No. of ways to choose one question from each section = (5C1)^3
No. of questions remaining = 12
No. of ways to pick 2 questions from remaining 12 questions = 12 * 11
Total number of ways = (5C1)^3 * 12 * 11
Can somebody tell me where I'm going wrong
 A: He can choose the following combinations of questions from each section:
$(2,2,1);(2,1,2);(1,2,2);(3,1,1);(1,3,1);(1,1,3)$
Each of the first three combinations has $\binom{5}{2}\cdot \binom{5}{2}\cdot \binom{5}{1}$ ways. And each of the next three combinations has $\binom{5}{3}\cdot \binom{5}{1}\cdot \binom{5}{1}$ ways.
In total he can make $3\cdot \left(\binom{5}{2}\cdot \binom{5}{2}\cdot \binom{5}{1}+ \binom{5}{3}\cdot \binom{5}{1}\cdot \binom{5}{1}\right)=2250$ choices.

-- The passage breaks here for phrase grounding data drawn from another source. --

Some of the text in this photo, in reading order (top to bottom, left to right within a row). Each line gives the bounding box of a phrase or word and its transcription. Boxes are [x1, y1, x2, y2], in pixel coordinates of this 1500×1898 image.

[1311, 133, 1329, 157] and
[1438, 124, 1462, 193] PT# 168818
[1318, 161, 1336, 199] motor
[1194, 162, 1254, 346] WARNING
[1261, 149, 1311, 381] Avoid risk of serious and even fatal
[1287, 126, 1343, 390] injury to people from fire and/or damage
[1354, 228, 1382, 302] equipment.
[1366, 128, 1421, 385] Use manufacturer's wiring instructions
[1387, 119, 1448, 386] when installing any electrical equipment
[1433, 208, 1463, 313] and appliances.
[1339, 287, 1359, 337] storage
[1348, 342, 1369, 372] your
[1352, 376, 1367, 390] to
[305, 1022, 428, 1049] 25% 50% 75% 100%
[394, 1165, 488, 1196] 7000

For every section we have one path. We choose 3 question from each section. For every path we have to add ($\text{not multiply}$) the ways
$\left( \binom{5}{1}+\binom{5}{1}+\binom{5}{1}\right)$
Now we make a case decision. 
a) We choose 2 questions from one (other) section and 2 questions from the remaining section.
$ \binom{5}{2}\cdot \binom{5}{2}$
b) We choose 1 questions from one (other) section and 3 questions from the remaining section.
$ \binom{5}{1}\cdot \binom{5}{3}$
Therefore in total we have 
$\left( \binom{5}{1}+\binom{5}{1}+\binom{5}{1}\right)\cdot \left(\binom{5}{2}\cdot \binom{5}{2}+ \binom{5}{1}\cdot \binom{5}{3}\right)=2250$
A: Alternate way to solve:
Total ways to select 5 questions without restrictions: 15C5 = 3003
Case 1: We select all the 5 questions from only one section.

*

*From Section A only: 5C5 = 1

*From Section C only: 5C5 = 1

*From Section B only: 5C5 = 1

Sub Total = 3
Case 2:
We select 4 questions from only one section.

*

*4 from Section A and 1 from Section B: (5C4)(5C1)

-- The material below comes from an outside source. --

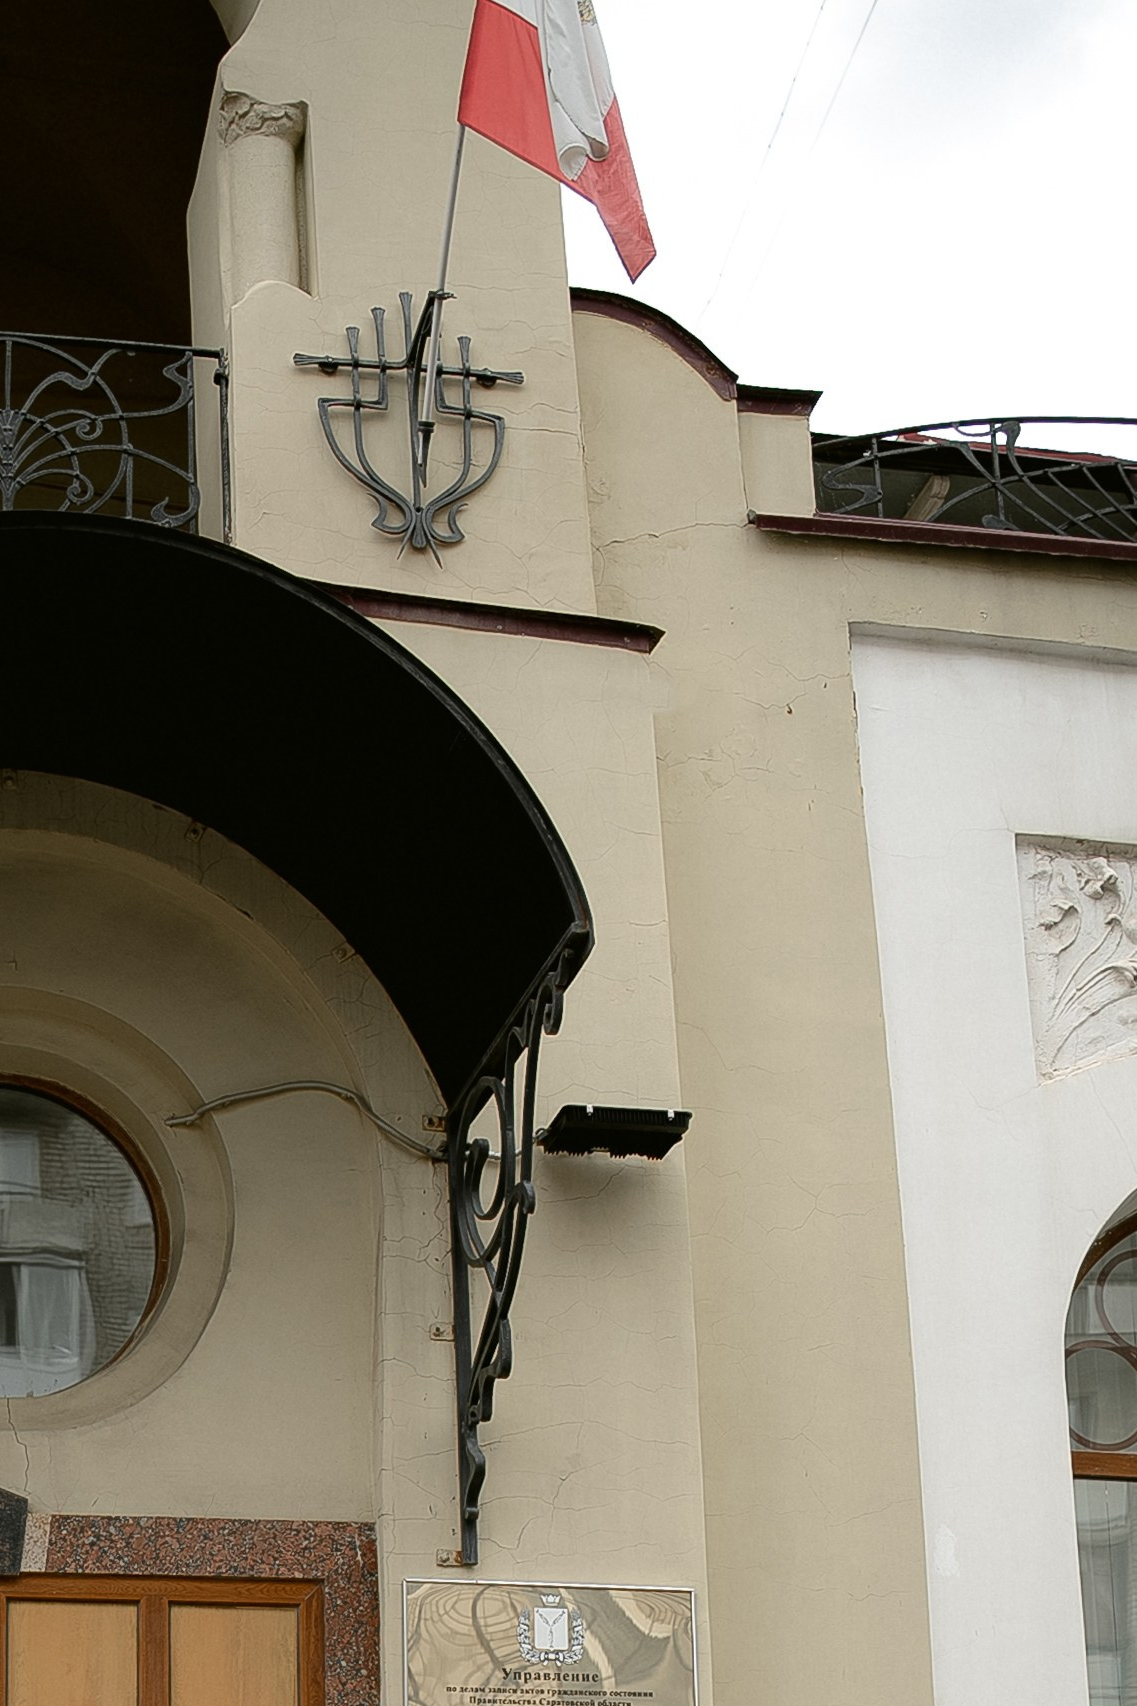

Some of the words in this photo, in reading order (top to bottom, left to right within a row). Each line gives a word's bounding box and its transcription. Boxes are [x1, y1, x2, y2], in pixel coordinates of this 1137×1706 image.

[502, 1667, 600, 1683] Управление
[547, 1688, 607, 1697] гражданского
[469, 1696, 537, 1705] Правительства
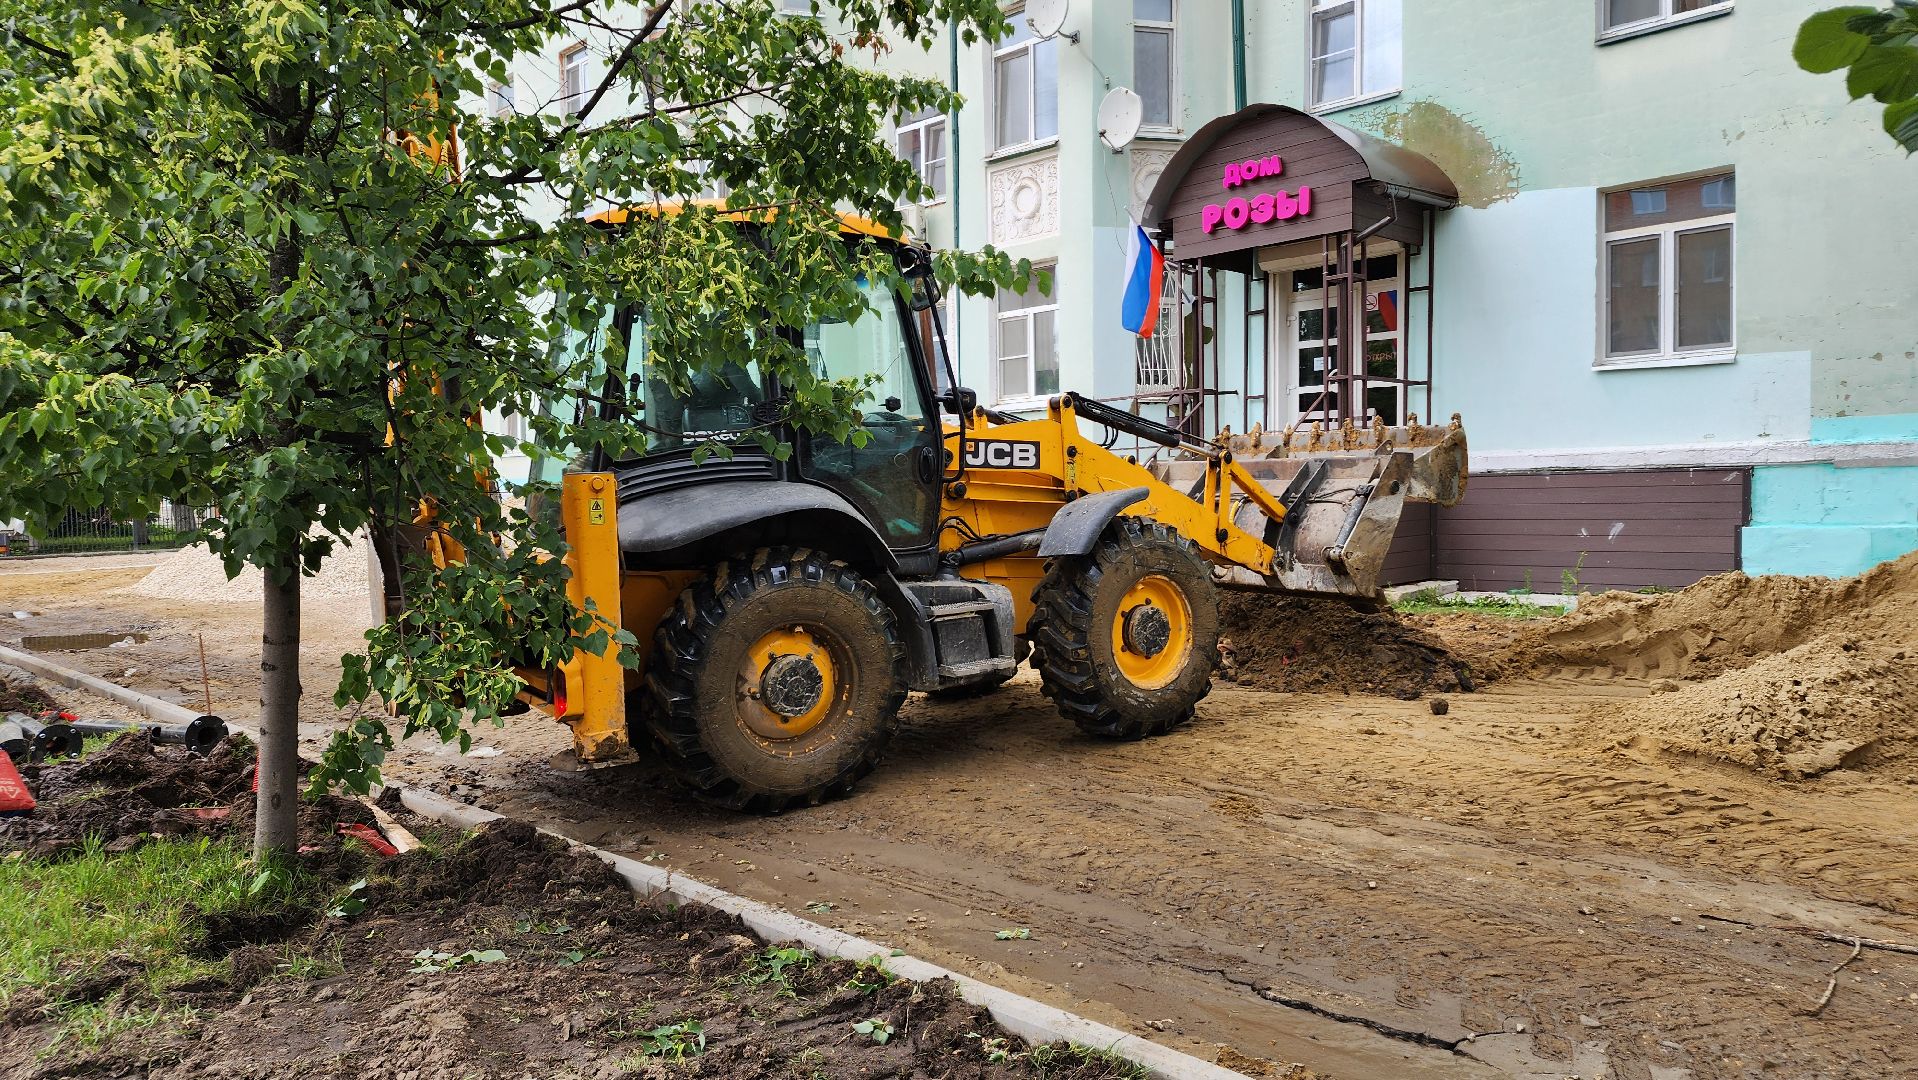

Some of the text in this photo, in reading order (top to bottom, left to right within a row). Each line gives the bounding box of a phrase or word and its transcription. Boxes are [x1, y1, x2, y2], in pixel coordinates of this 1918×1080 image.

*And Vice-versa: 1 from Section A and 4 from Section B: (5C1)(5C4)

*4 from Section B and 1 from Section C: (5C4)(5C1)

*And Vice-versa: 1 from Section B and 4 from Section C: (5C1)(5C4)

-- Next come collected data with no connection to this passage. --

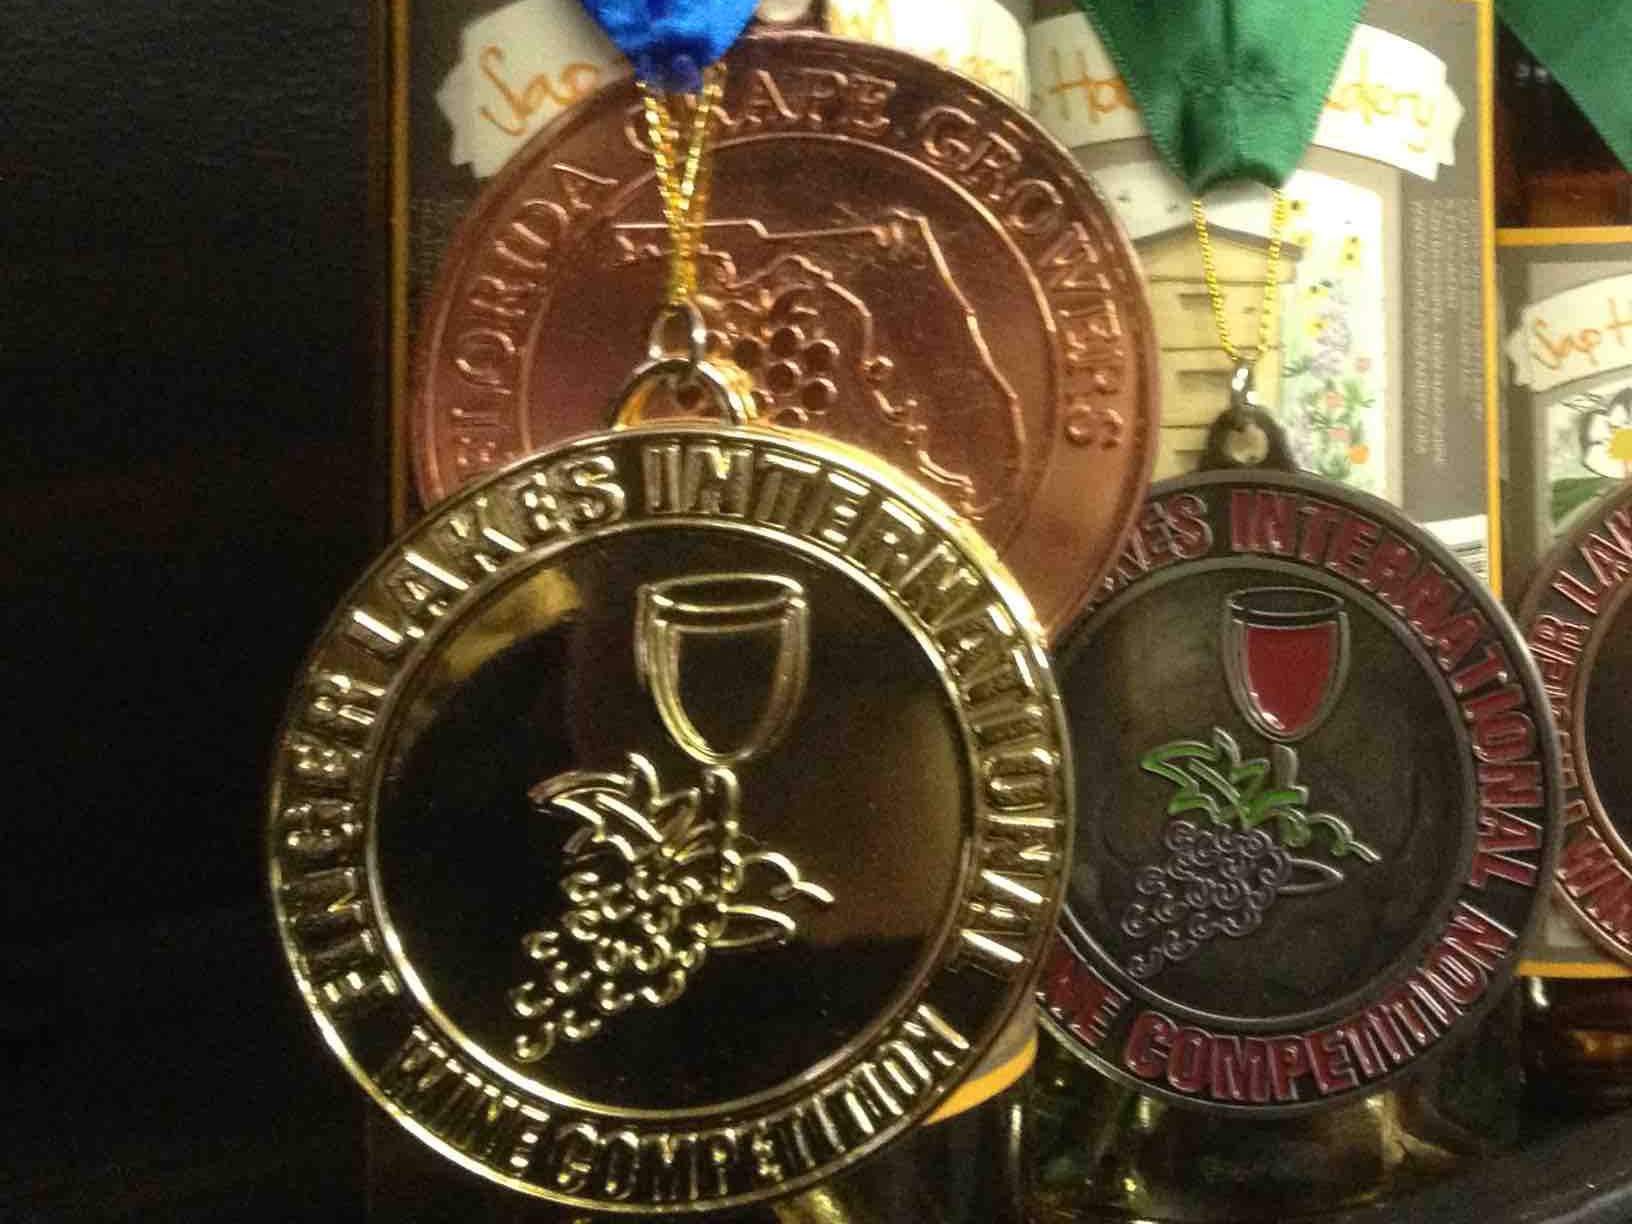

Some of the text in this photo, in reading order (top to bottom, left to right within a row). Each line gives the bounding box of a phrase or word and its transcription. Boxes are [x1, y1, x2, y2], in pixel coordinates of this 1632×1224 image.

[282, 439, 1056, 1006] FINGER LAKES INTERNATIONAL
[1103, 492, 1214, 584] KES
[1230, 488, 1543, 888] INTERNATIONAL
[373, 1002, 971, 1202] WINE COMPETITION
[1122, 898, 1517, 1104] COMPETITION

*4 from Section C and 1 from Section A: (5C4)(5C1)

*And Vice-versa: 1 from Section C and 4 from Section A: (5C1)(5C4)

Adding Everything together: 6 * (5C4)(5C1) = 150
Case 3:
We select 3 questions from one section and 2 questions from another and not selecting anything form the third section.

*

*3 from Section A and 2 from Section B: (5C3)(5C2)

*And Vice-versa: 2 from Section A and 3 from Section B: (5C2)(5C3)

*3 from Section B and 2 from Section C: (5C3)(5C2)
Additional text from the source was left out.